Apart from the pictures, reproduce the data below exactly as it stands.

* **Available data**

........

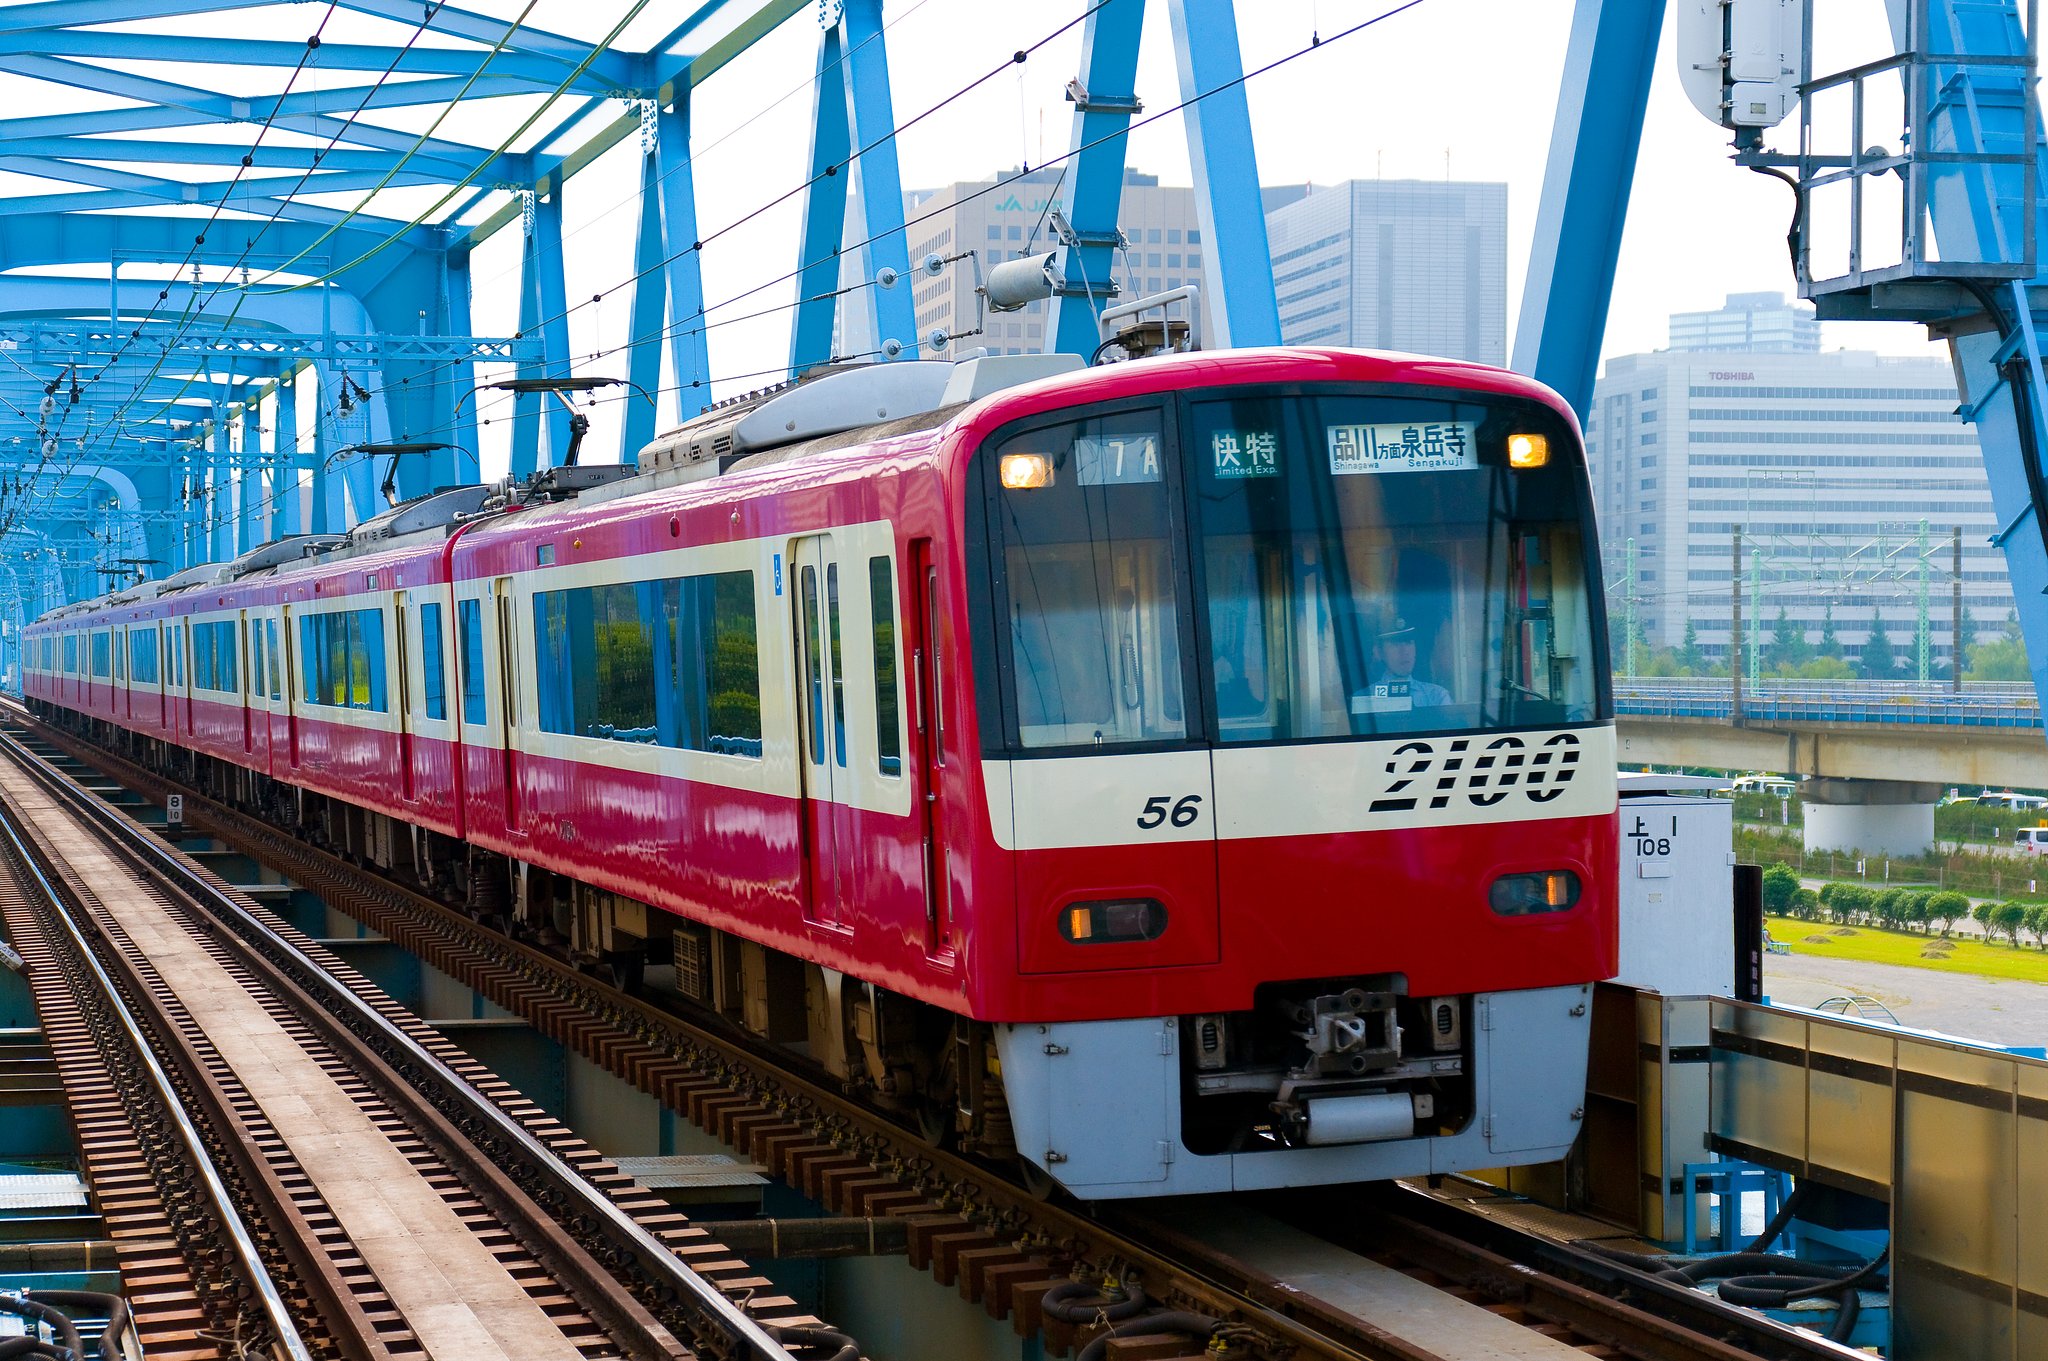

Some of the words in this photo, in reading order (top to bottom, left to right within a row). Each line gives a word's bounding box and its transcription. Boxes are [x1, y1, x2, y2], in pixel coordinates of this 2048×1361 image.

[1708, 371, 1755, 381] TOSHIBA
[1212, 431, 1276, 467] 快特
[1334, 461, 1380, 471] Shinagawa
[1408, 457, 1464, 468] Sengakuji
[1255, 465, 1278, 476] Exp.
[1376, 686, 1387, 697] 12
[1368, 733, 1581, 813] 2100
[170, 796, 179, 807] 8
[170, 811, 179, 819] 10
[1136, 795, 1203, 830] 56
[1627, 816, 1649, 837] 上
[1636, 838, 1671, 857] 108

........

* **Answer**
Some of the words in this photo, in reading order (top to bottom, left to right within a row). Each line gives a word's bounding box and its transcription. Boxes are [x1, y1, x2, y2], in pixel coordinates of this 2048×1361 image.

[1708, 371, 1755, 381] TOSHIBA
[1212, 431, 1276, 467] 快特
[1334, 461, 1380, 471] Shinagawa
[1408, 457, 1464, 468] Sengakuji
[1255, 465, 1278, 476] Exp.
[1376, 686, 1387, 697] 12
[1368, 733, 1581, 813] 2100
[170, 796, 179, 807] 8
[170, 811, 179, 819] 10
[1136, 795, 1203, 830] 56
[1627, 816, 1649, 837] 上
[1636, 838, 1671, 857] 108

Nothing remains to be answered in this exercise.